Although no difference of salivary flow rates was observed between the two groups, salivary pH was lower in pregnant (6.7) than in non-pregnant (7.5) women. In the latter, salivary pH was marginally above the upper limit of normality (7.4) according to international references. These values are similar to those reported by González et al. [9] for stimulated saliva in pregnant (pH 6.6) and non-pregnant Mexicans (pH 7.1). Laine and Pienihäkkinen [22] also found that the salivary buffer effect increased significantly from late pregnancy to postpartum, but this change was not related to salivary flow rates, since both unstimulated and paraffin-stimulated flow rates remained unchanged.

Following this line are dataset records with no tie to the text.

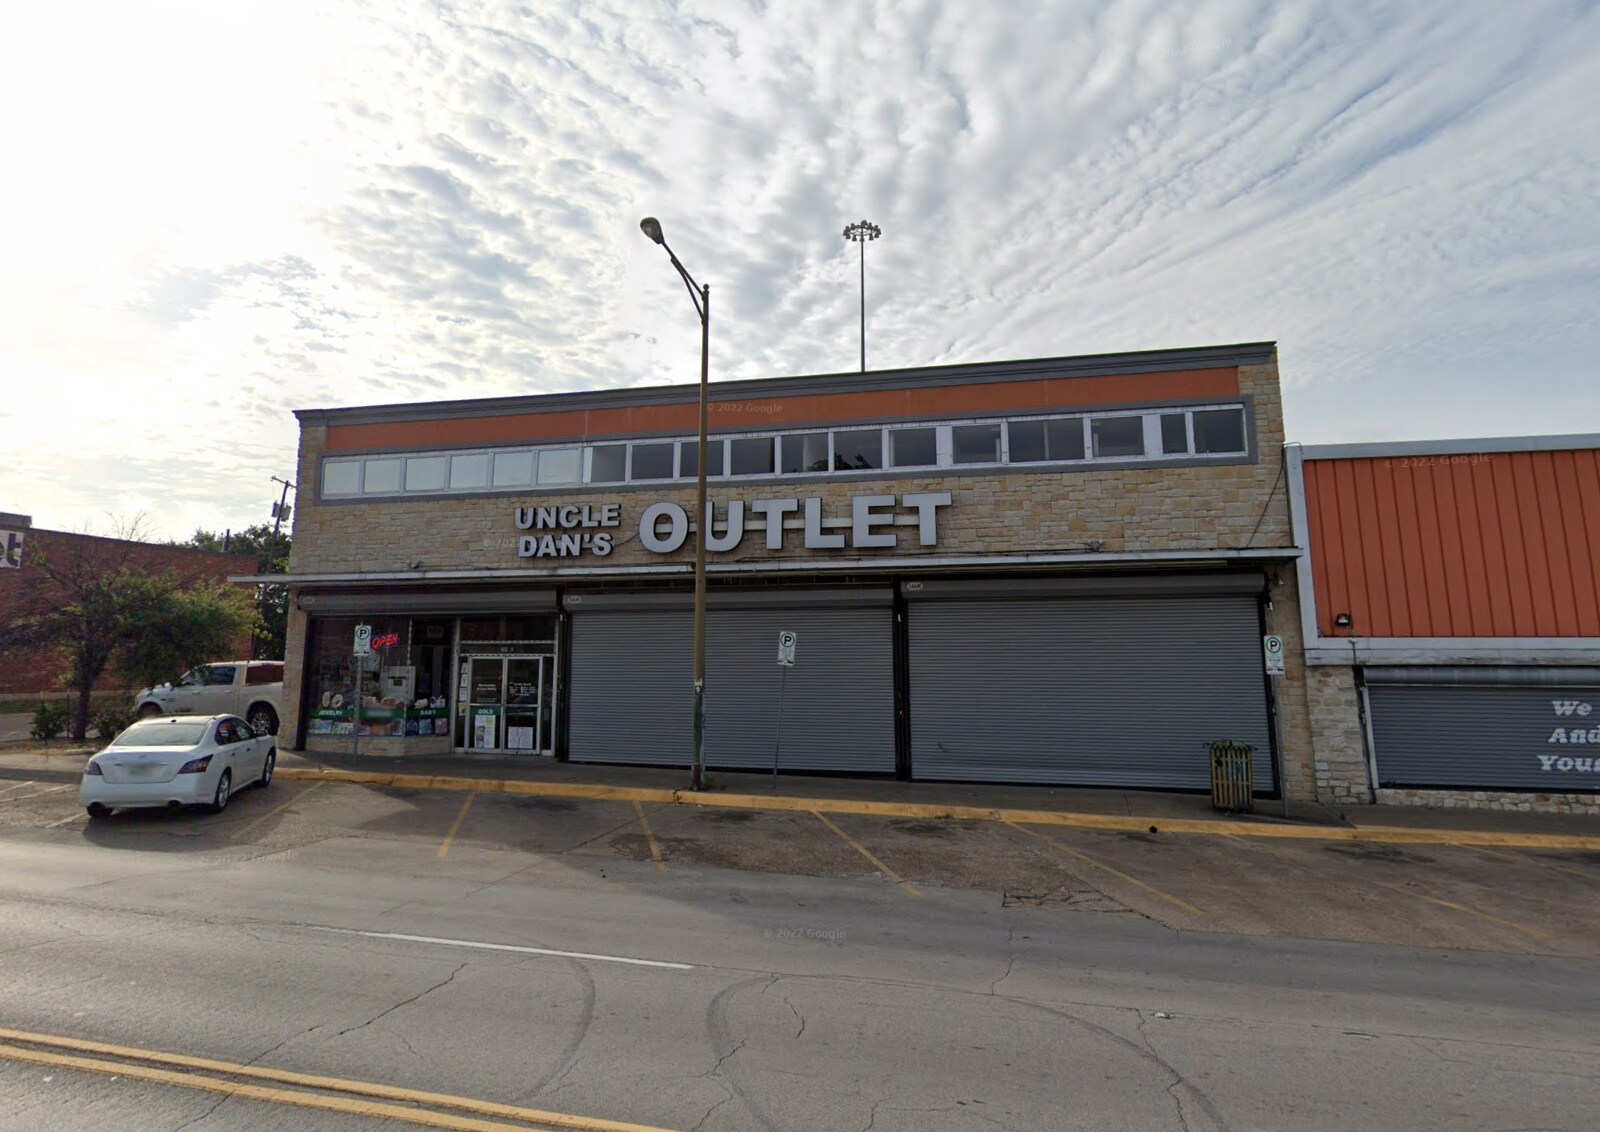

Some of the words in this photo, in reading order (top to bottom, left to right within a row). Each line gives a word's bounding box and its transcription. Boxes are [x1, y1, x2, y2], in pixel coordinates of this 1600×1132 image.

[514, 503, 621, 530] UNCLE
[639, 491, 952, 554] OUTLET
[518, 532, 614, 558] DAN'S
[371, 633, 398, 649] OPEN
[1551, 700, 1593, 716] We
[1547, 725, 1600, 744] And
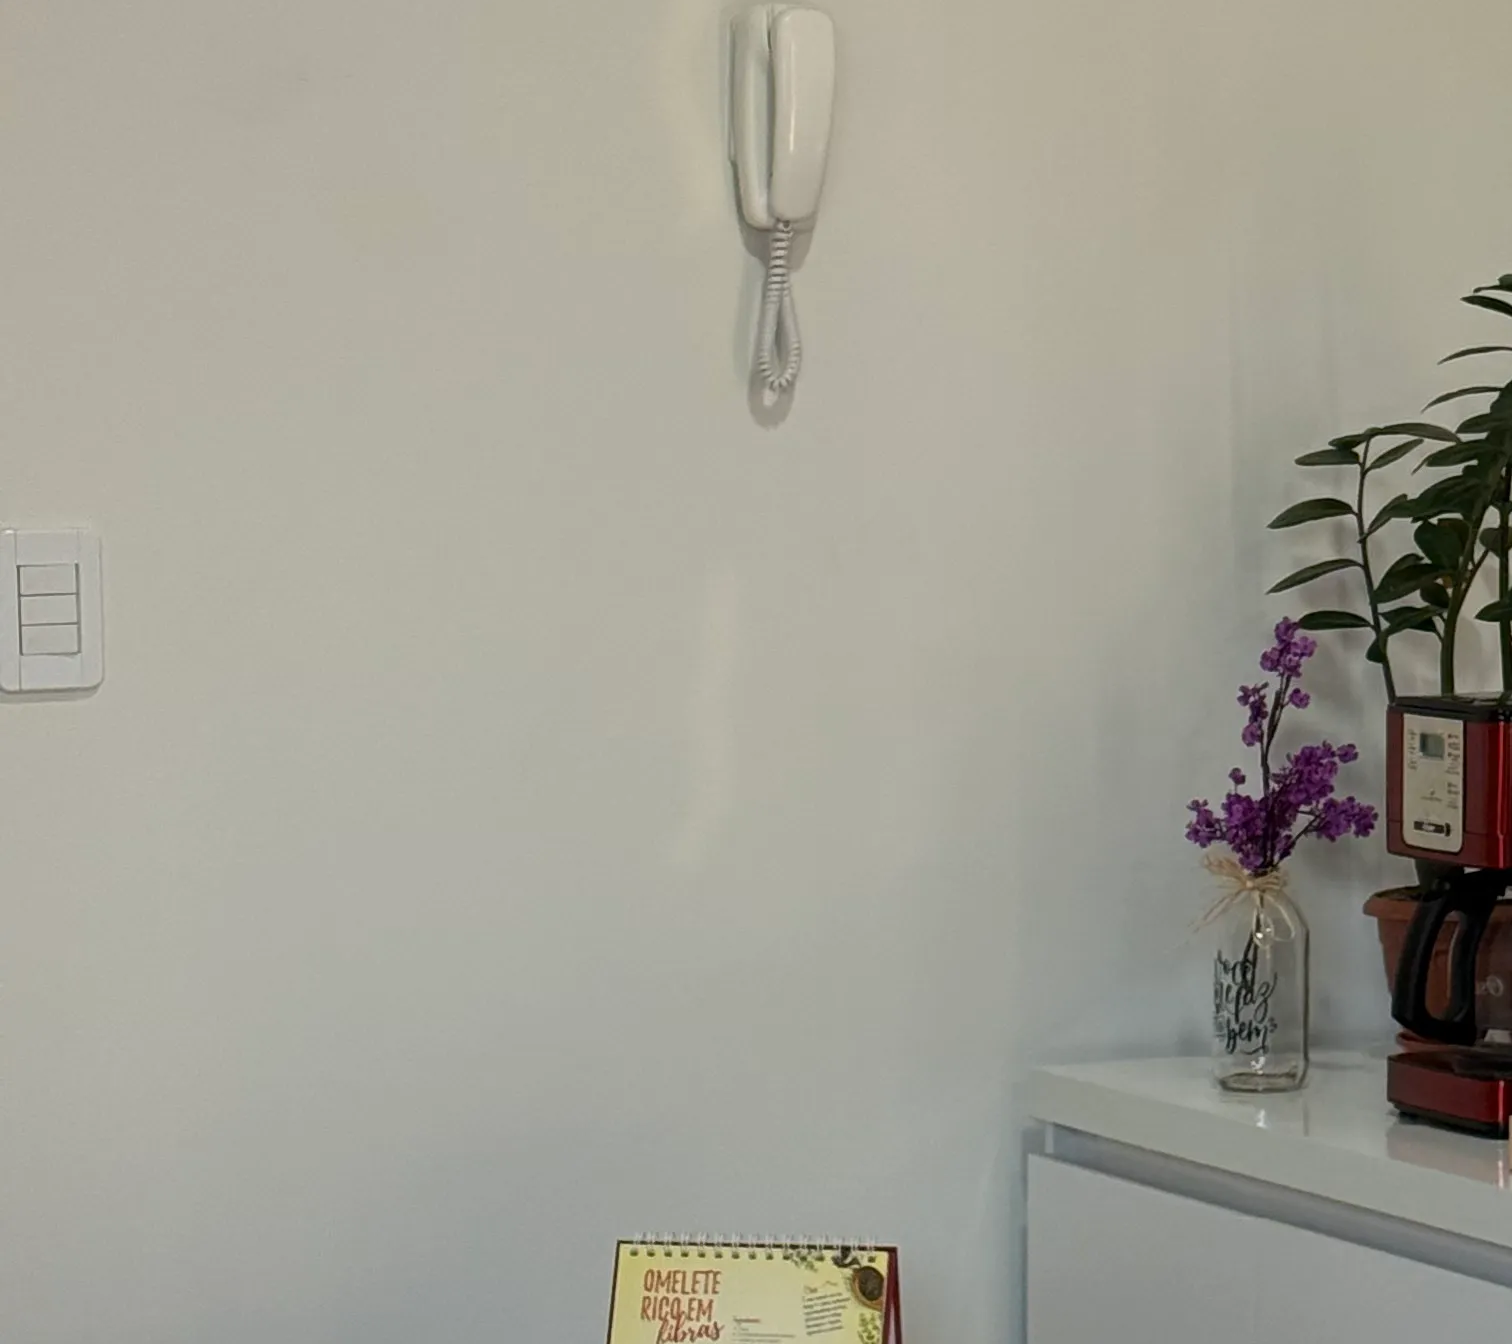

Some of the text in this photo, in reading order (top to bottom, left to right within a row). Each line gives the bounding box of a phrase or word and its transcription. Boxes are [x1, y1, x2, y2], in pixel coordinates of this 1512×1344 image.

[644, 1268, 722, 1295] OMELETE
[641, 1295, 714, 1322] RICO EM

We did not find any difference in the concentrations of calcium and phosphate between the pregnant and non-pregnant groups despite the difference in salivary pH. Laine [3] also stated that pregnancy per se does not induce significant withdrawal of calcium or other minerals from the teeth. On the other hand, Salvolini et al. [1] reported a significant decrease of calcium levels between the 21st and the 40th week of gestation in relation to controls, and a decrease of phosphate at the 21st week. Other studies have reported a direct relation between increase of pH and increase of concentration of sodium and bicarbonate in saliva [25, 26]. However, the possible regulatory mechanism of electrolyte and mineral composition of saliva remains unclear.

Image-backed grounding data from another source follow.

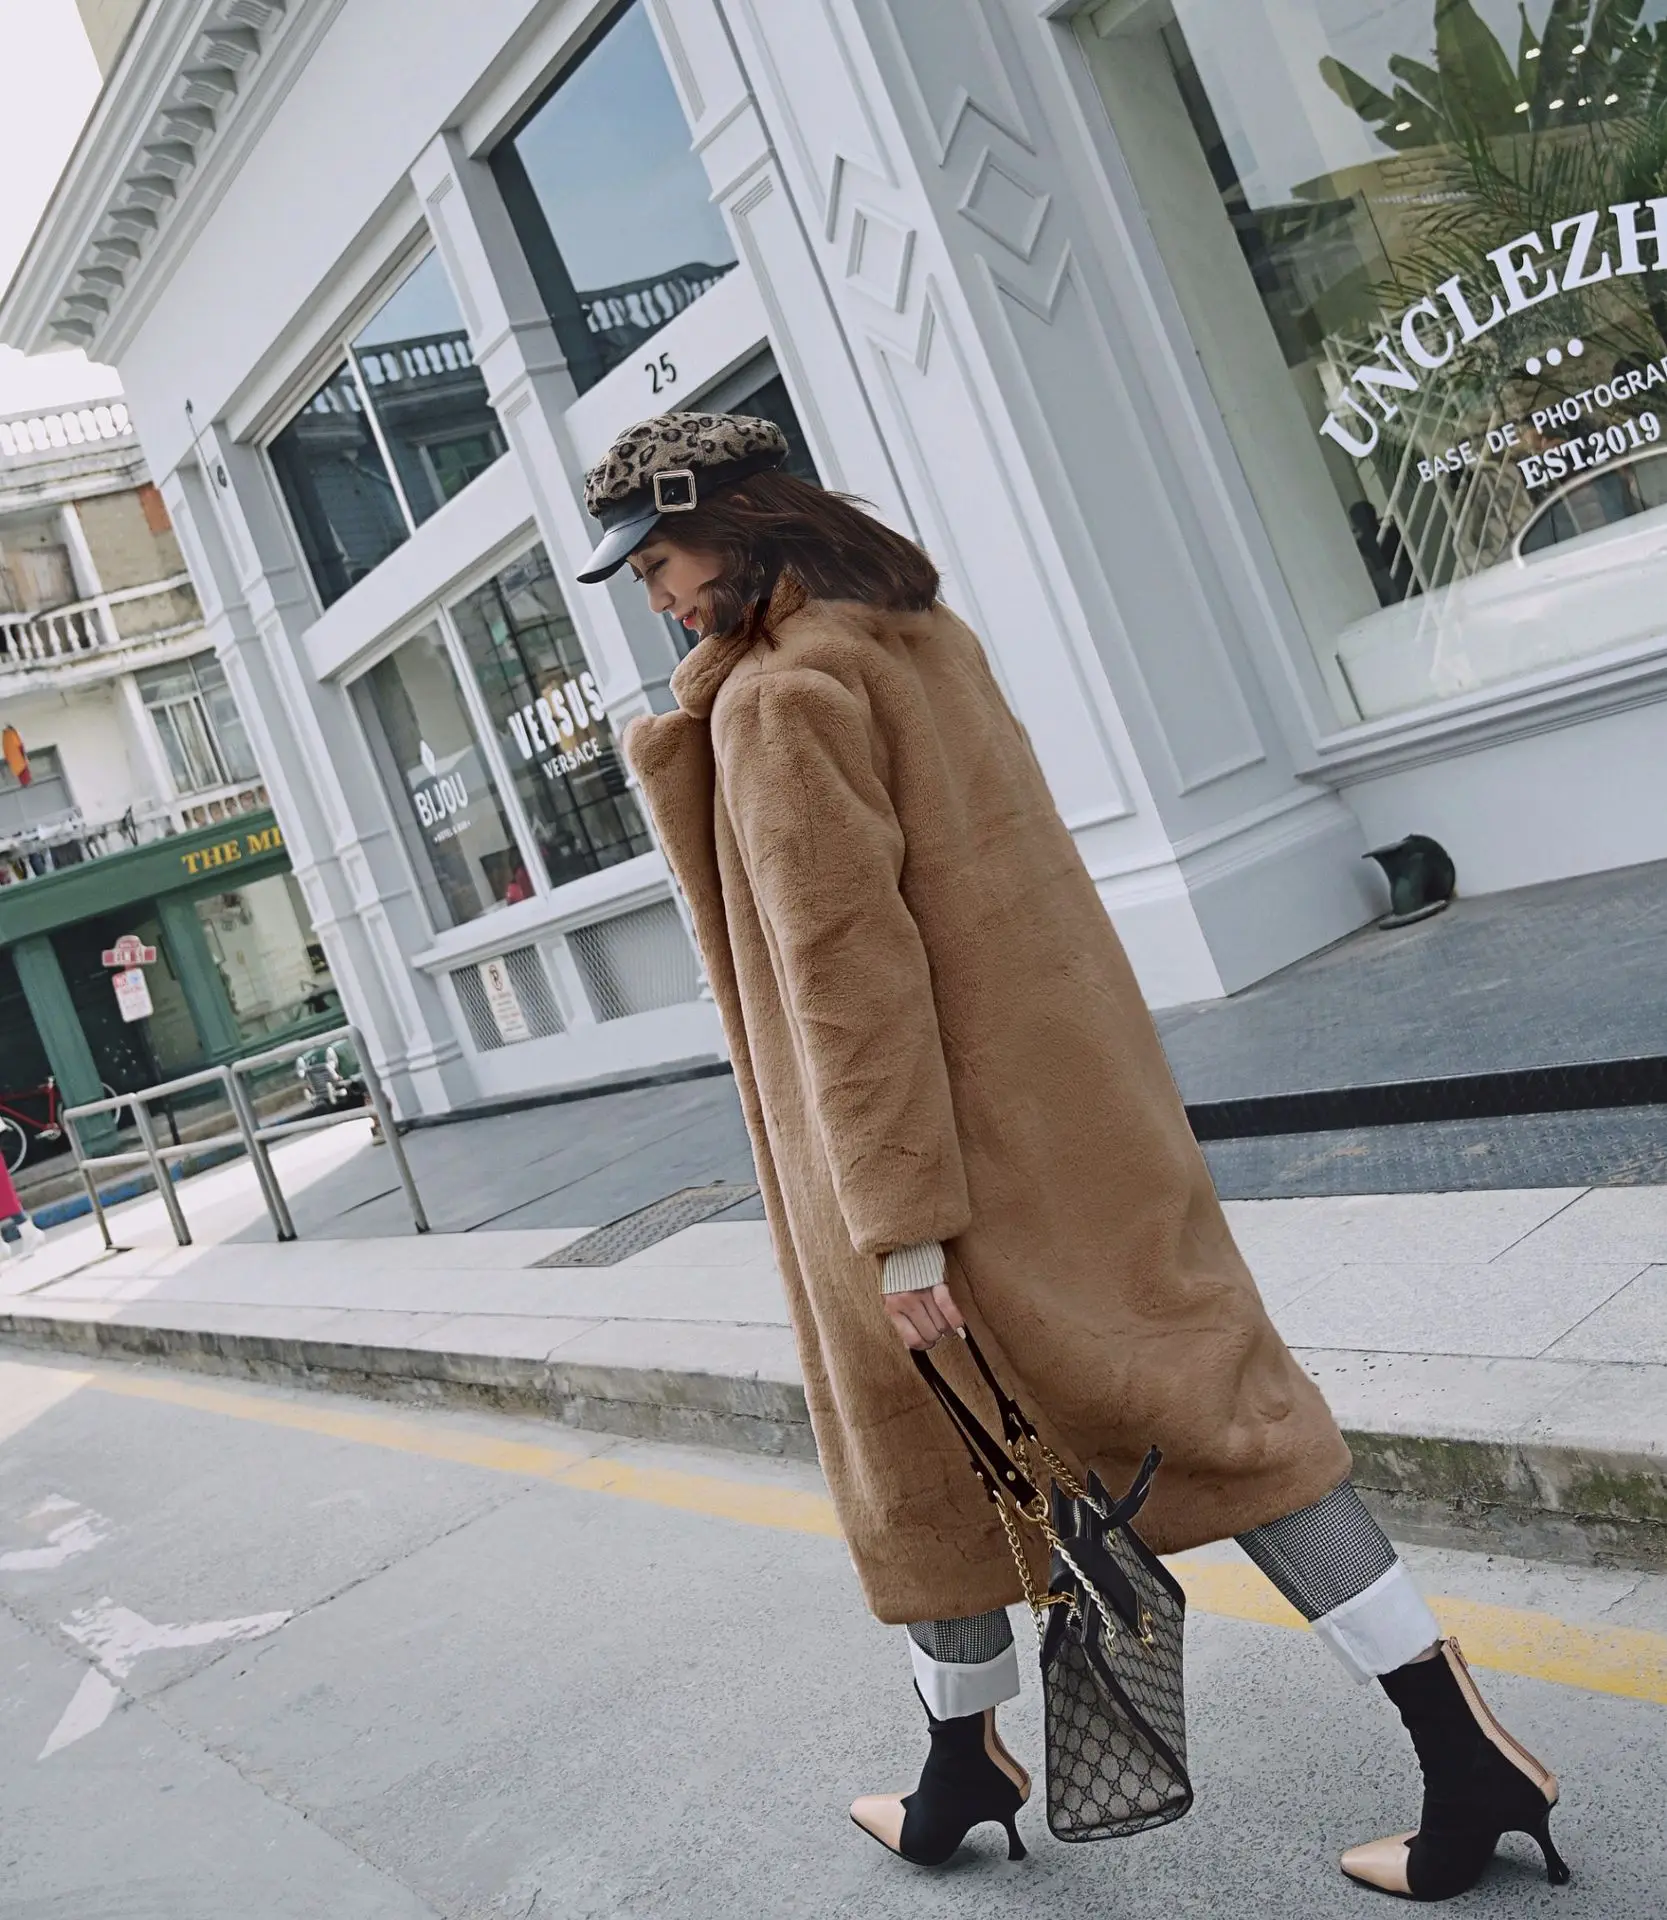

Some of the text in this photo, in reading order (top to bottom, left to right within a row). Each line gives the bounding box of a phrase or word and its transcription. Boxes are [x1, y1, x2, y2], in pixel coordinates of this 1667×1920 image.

[645, 352, 676, 394] 25
[1417, 441, 1477, 482] BASE
[1486, 423, 1520, 453] DE
[1517, 412, 1661, 488] EST.2019
[507, 671, 605, 760] VERSUS
[542, 738, 602, 779] VERSACE
[414, 771, 469, 827] BIJOU
[181, 840, 241, 875] THE

In relation to sIgA, we found higher levels of sIgA in pregnant women, but the difference between the two groups (pregnant: 119.8 mg/L versus non-pregnant; 90.1 mg/L) was minor. Secretion and synthesis of sIgA may be affected by stress, physical exercises, medications, menstrual cycle, and pregnancy [27]. The hormonal changes during pregnancy may have altered the sIgA levels because the production of estrogen and progesterone increases gradually until the eighth month of pregnancy, and both hormones modulate the immune system during the gestational period [3]. Widerström and Bratthall [24] also found increase of salivary concentration of sIgA during pregnancy, delivery and post-partum period, but not in non-pregnant women during the several phases of the menstrual cycle. As salivary flow rate of pregnant women was slightly lower than that of non-pregnant counterparts, the authors suggested that the increased level of sIgA was not influenced by salivary flow rate. This relation was also observed in our results. In our sample, because of the negligence of some pregnant patients with oral hygiene, the concentration of sIgA may also have increased due to an increase of the number of oral microorganisms as sIgA is the main adaptive immune mechanism in the oral cavity [27].

The cross-sectional design of this study does not allow inference of causal relationships, but our data corroborate some results of previous studies conducted in other parts of the world. Overall, the values of salivary variables analyzed in this sample of pregnant and non-pregnant Brazilians did not differ from values reported for other populations and were within the international references of normality. Nevertheless, it should be noted that the interval of these reference values is considerably large, reflecting the large variation that is considered to be within the normal range. Therefore, it seems to be difficult to use some of these salivary parameters, e.g., salivary concentrations of sIgA or phosphate, as outcome measures or biomarkers to diagnose systemic disease and monitor general health [28] unless the condition under investigation leads to large alterations of concentration. The differences between pregnant and non-pregnant women detected in our study and in previous papers are small in absolute values and would not impact clinical management of oral health in these groups. However, this situation may change when evaluating the effect of high-risk pregnancy in medically-compromised women on some salivary parameters.

Conclusion

In summary, pregnant women had lower pH and higher sIgA concentration than non-pregnant women in this sample, but no significant difference was found for secretion rate of saliva or concentrations of calcium and phosphate. The values of the tested salivary parameters were within the international references of normality.